Fear and learning in the immigration debate

Download data and study materials from OSF

Principal investigators:

Shana Kushner Gadarian

Syracuse University

Email: sgadaria@maxwell.syr.edu

Homepage: https://sgadaria.expressions.syr.edu/

Bethany Albertson

University of Texas at Austin

Email: balberts@austin.utexas.edu

Homepage: http://www.utexas.edu/cola/depts/government/faculty/ba6392


Sample size: 384

Field period: 4/11/2008-4/28/2008

Abstract

In this project, we use the issue of immigration to explore the role of anxiety in responses to political appeals. According to the Affective Intelligence theory, anxiety motivates citizens to learn and pay more attention to news coverage. Literature in cognitive psychology demonstrates that high stress and anxiety is associated with a tendency to pay closer attention to threatening information. We predict that anxious citizens will seek more information but that they will seek out and be attracted to negative information. In an experiment we induce fear about immigration and then subjects have the opportunity to search for additional information in a website designed to mimic online news sources. The website has both immigration and non-immigration stories, and the immigration stories are split between threatening coverage and non-threatening coverage. We find that anxious subjects exhibit biased information processing; they read, remember, and agree with negative information.

Hypotheses

1. Priming anxiety about immigration will lead citizens to seek out information and that anxious citizens will seek more information than those who are not primed to be anxious.

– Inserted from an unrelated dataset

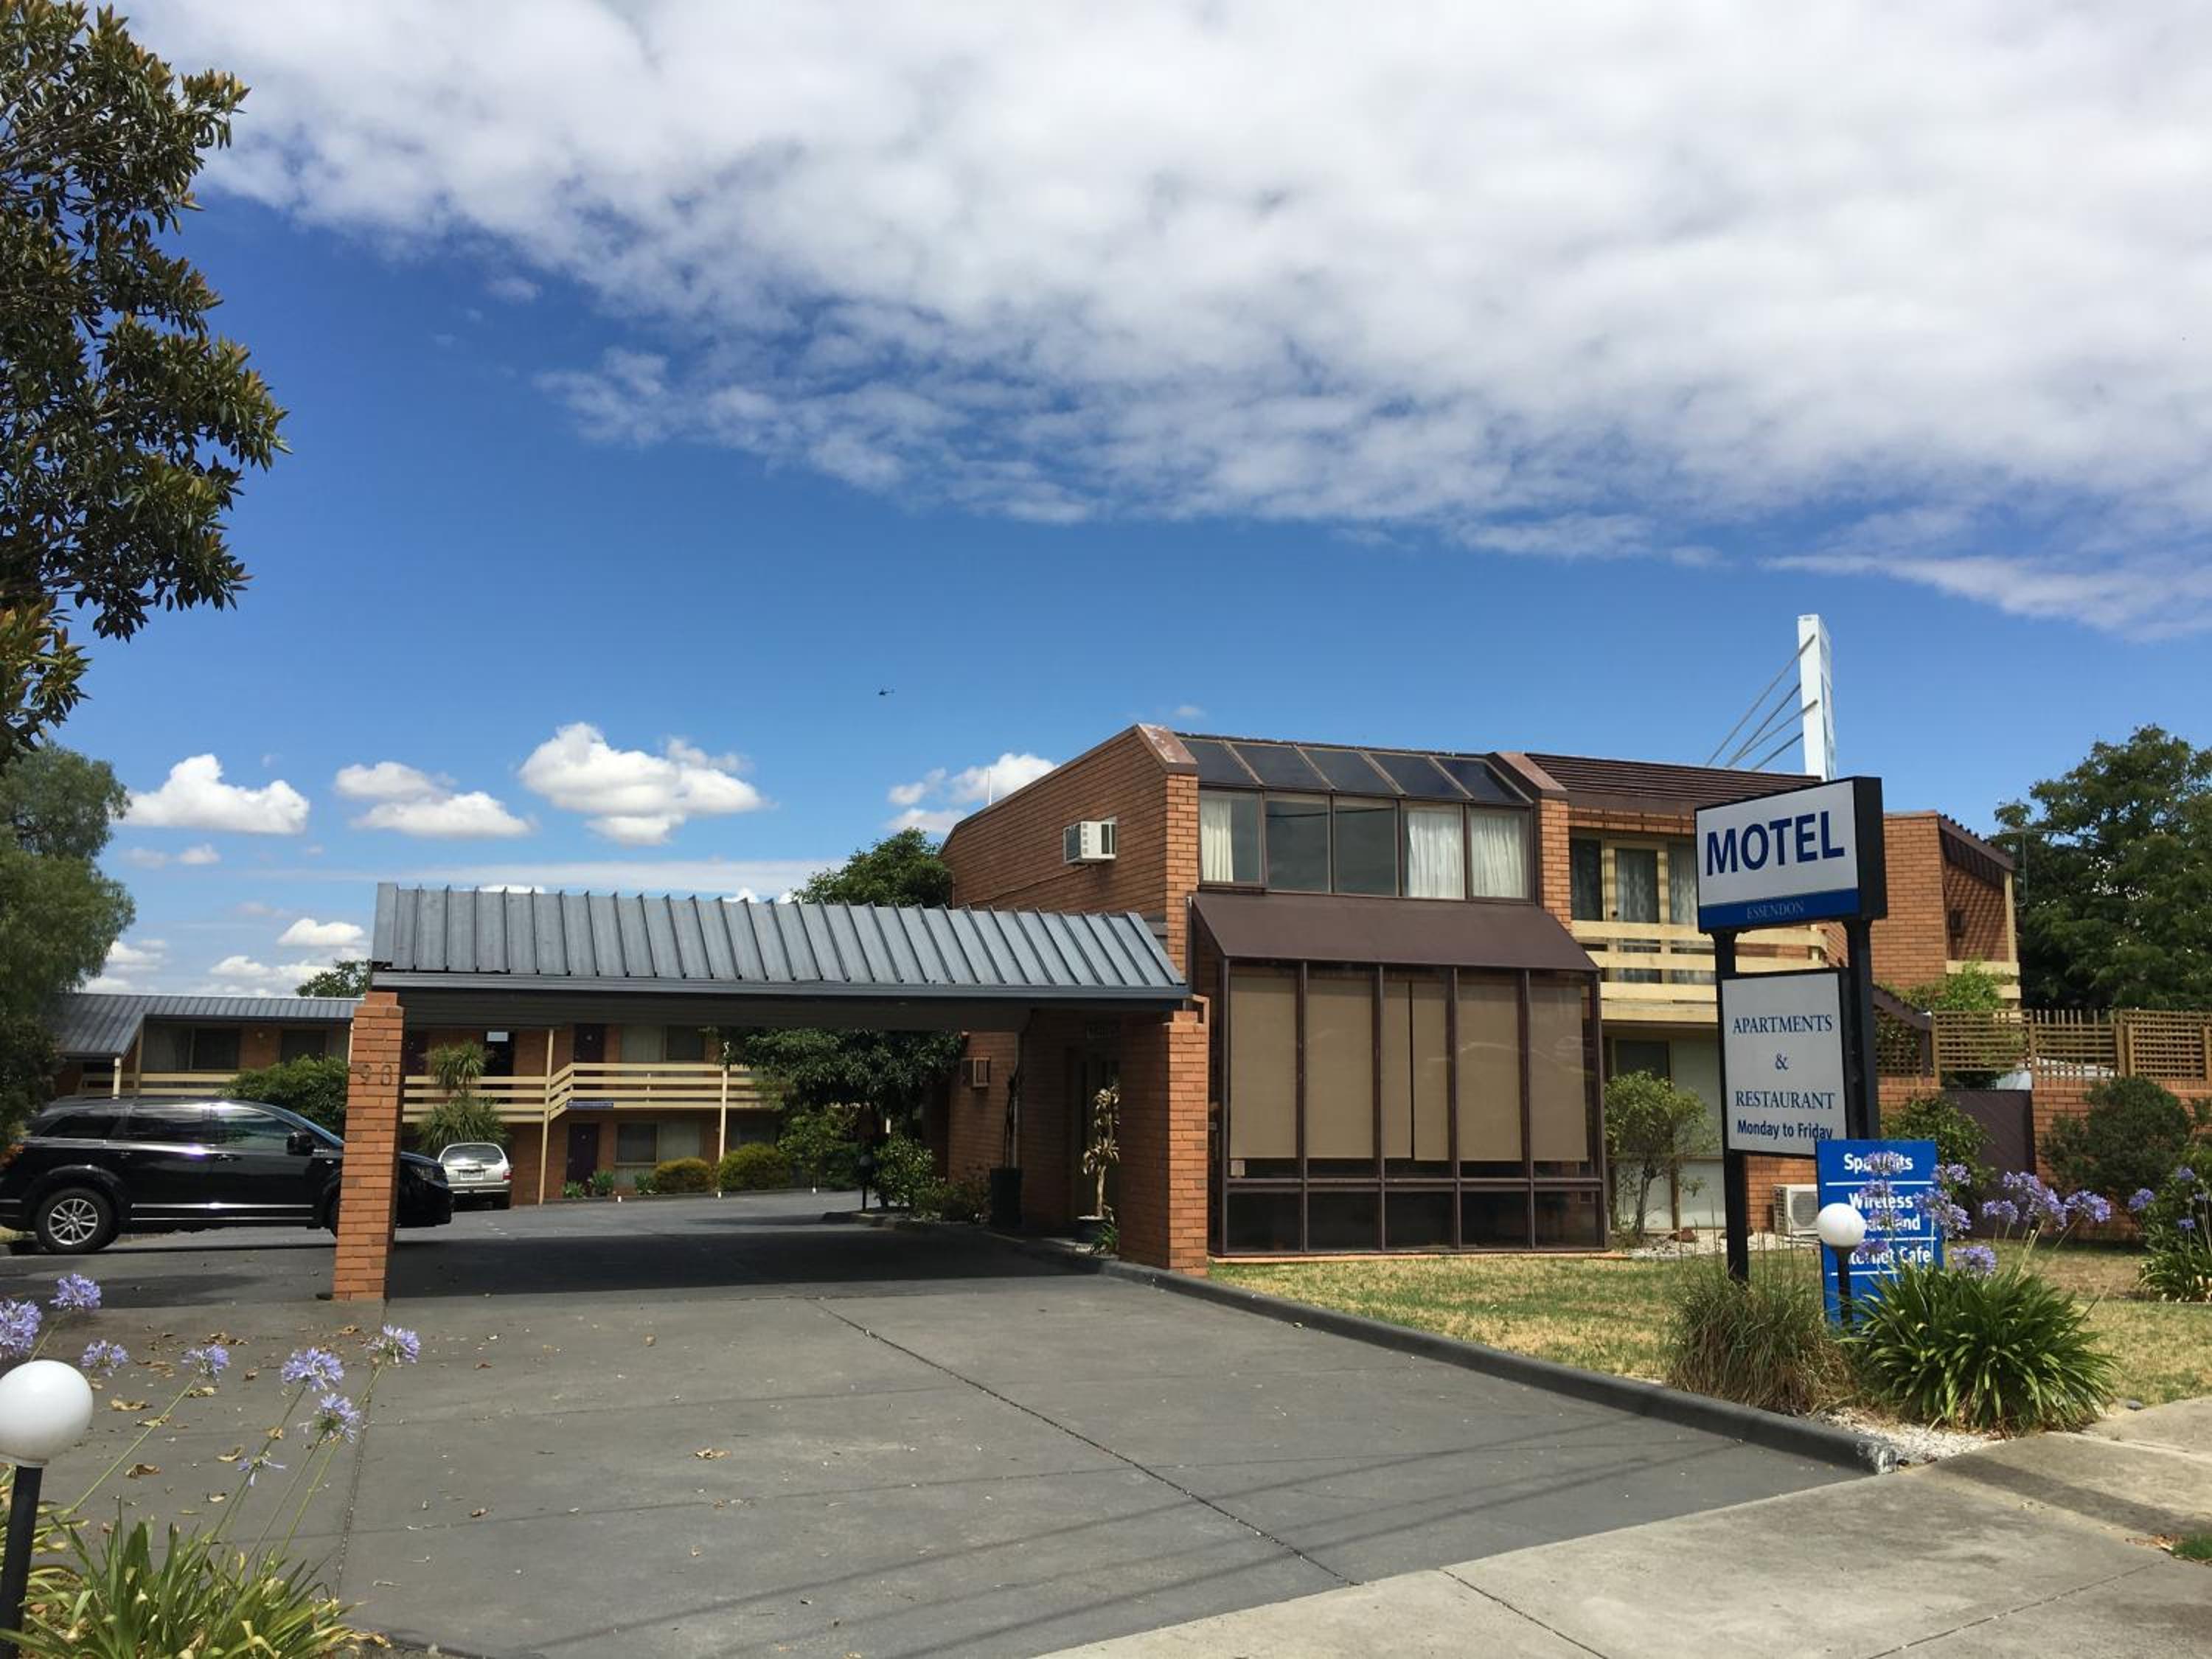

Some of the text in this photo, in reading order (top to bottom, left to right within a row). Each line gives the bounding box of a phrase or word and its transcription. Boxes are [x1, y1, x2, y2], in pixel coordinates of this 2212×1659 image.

2. Manipulating anxiety about immigration will lead to biased information processing, where anxious individuals pay the closest attention to negative and threatening information.

Experimental Manipulations

Respondents were assigned to either a treatment condition that induced worry over immigration or a control condition where respondents were asked to list their thoughts about immigration. To manipulate anxiety, subjects were asked to think about the debate in the U.S. over immigration and do a listing exercise. Rather than rely on a stimulus such as a campaign ad or a news story about immigration to evoke emotion in our respondents, we used a technique common to psychological studies of emotion where subjects are asked to focus on objects, people, or events that cause them the intended emotion. In order to evoke anxiety about immigration, respondents in the treatment condition read the prompt, “Now, we’d like you to take a moment to think about the debate over immigration in the United States. When you think about immigration what makes you worried? Please list everything that comes to mind.” In the control condition, respondent were asked to simply list everything that came to mind when they thought of immigration.

In the next step of the study, respondents were invited to read news stories and informed that they would answer questions about the stories later in the survey. Each respondent was presented with a story set consisting of six headlines linked to full articles – four of which were about immigration and two of which were on unrelated topics. Of the immigration stories, two stories framed immigration positively and focused on the benefits of immigration and how immigrants themselves enrich the United States. The other two immigration stories reflected the more typical threatening and negative framing of immigration that dominates news coverage of immigration – immigrants take resources and jobs from Americans and contribute to crime in large cities. Subjects also had the ability to opt out of reading anything about immigration – respondents could choose to ignore all of the stories and proceed to the second part of the survey or read one of the two unrelated stories on childhood obesity or an ancient language. All of the stories were uniform in length and the story headlines appeared in random order on respondents’ screens. We tracked which stories respondents read, in what order, and how long they spent on each story.

Outcomes

Information processing: We tracked which stories respondents read, in what order, and how long they spent on each story.
Evaluation: We asked respondents which stories they remembered and whether they agreed with those stories in two separate open-ended questions.

Summary of Results

We hypothesized that bias could creep into information processing in three ways: what information people choose to look at, what they remember, and how they engage with what they have learned. We found that anxious people were more likely to read, remember, and agree with negative information. By tracking actual behavior in the experiment, we separate exposure from attention and find that anxious people were biased toward negative information in both stages. They were more likely to look at information that portrayed immigration in a threatening manner, and among people who looked at negative information, they were more likely to remember it.